Conhecendo depois o disco do Caetano de 1969, de capa branca com a assinatura dele, um dos primeiros CDs que compramos em casa, vi que o repertório em inglês dele é maiorzinho e igualmente me encanta. Bem mais recentemente ele fez um CD todo de repertório dos EUA. Mas ainda uma música de 1969 me parecia alienígena, também procurava flying saucers in the sky: “Não identificado”. Pequena, eu achava que o refrão era uma língua distante, vinda da Índia, um dialeto de urdu renovado: como um objeto não identificado…

UM HOMEM SÉRIO

começa de várias maneiras, ou começa em diferentes momentos: uma citação, a pequena história do dybuk na casa de judeus em algum lugar da Polônia, os créditos iniciais com os nomes dos atores, o check-up que o pai de família está fazendo numa época que oscila, num lugar também incerto – mas nos EUA.

Só nos momentos finais temos a ligação do médico, um tanto assustadora: o resultado do raio-x precisava ser informado pessoalmente. Durante todo o filme, o que acompanhamos seria um tipo de exame desse homem: o irmão com um problema de cisto, o dentista que encontra mensagens nos dentes de um cliente, a vizinha que se bronzeia no quintal, a filha que quer operar o nariz, o filho que terá provavelmente problemas de audição no futuro.

DA ORTODONTIA

eu esperava a correção de um erro de posição dos articuladores do maxilar: atm, do qual pouco sei em teoria, mas talvez o necessário na prática. Erro aparente desde as primeiras fotos de infância, mas que era só um traço da fisionomia. No fim da adolescência, e anos depois desse fim, o erro começou a se mostrar doloroso. E insuportável. A solução foi tratar desssa dor e desses movimentos com outras dores e outros movimentos. Movimentos e dores estes com função de fazer pensar em atos cotidianos que podiam me passar despercebidos: a mastigação, o bocejar de manhã, morder um chocolate, dar uma aula. Tratamento que me leva a descobertas recentes: 1) o toque dos dentes não é necessário: somente em 17% do dia;  2) tenho força de 120kg/cm cúbico mas não tenho coragem de morder uma maçã. 3) a arte da conversa – dos dentistas – para o qual só podemos responder: – ah! – com a boca aberta.

O CÉU SUECO

(em 2012, não só será possível ver a aurora boreal na Suécia, mas como de lá partir numa nave e ver os raios de pertinho; mais infos aqui)
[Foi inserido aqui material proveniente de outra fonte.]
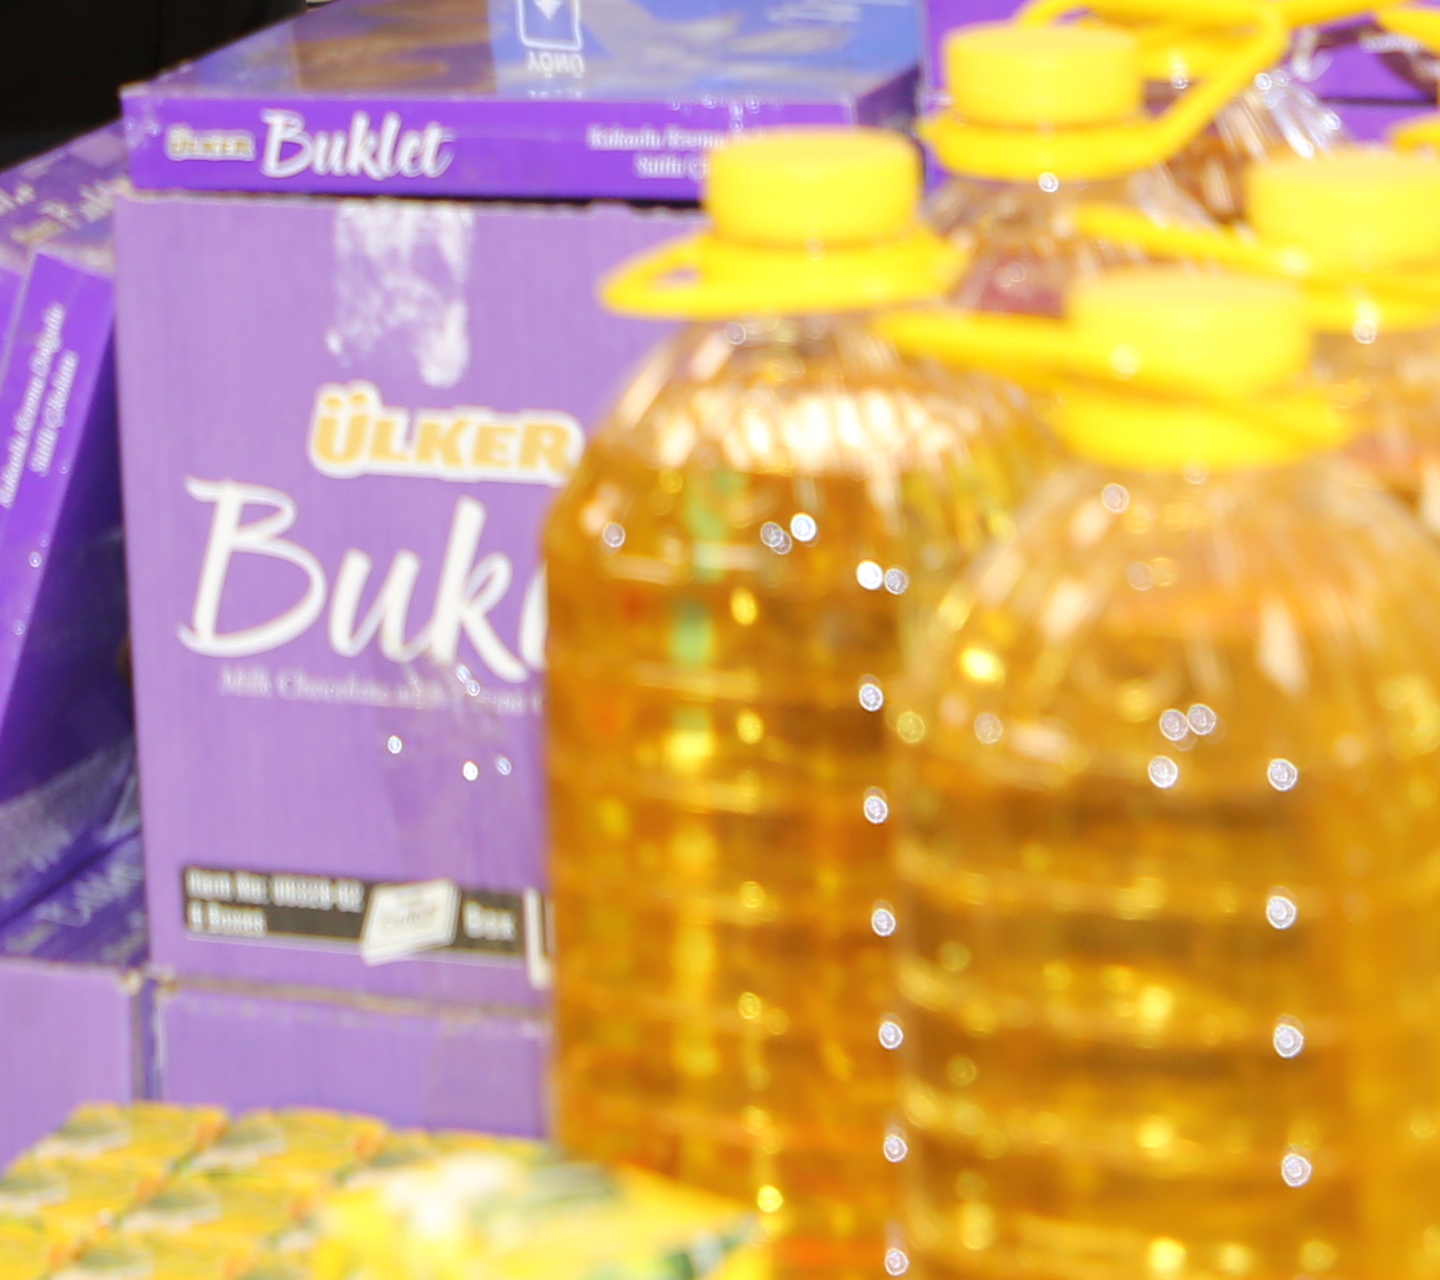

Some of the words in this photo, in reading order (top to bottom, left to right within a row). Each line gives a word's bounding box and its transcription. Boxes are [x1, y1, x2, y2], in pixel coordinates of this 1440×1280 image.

tem aurora boreal. E não só isso:

o céu sueco é como ovonovo: vai e volta ao mesmo lugar. Tanto faz se percorrido de trás pra frente como na ordem em que se lê: é um palíndromo. Como vários outros palíndromos, são bonitinhos. Levantam voo e alcançam sempre outra coisa.

Não sei se já existe, mas ontem depois de comer pizza de alho, chegando em casa, criei esse aqui:

oh! lá, alho!

Talvez menos bonitinho que os outros, mas talvez seja só um começo.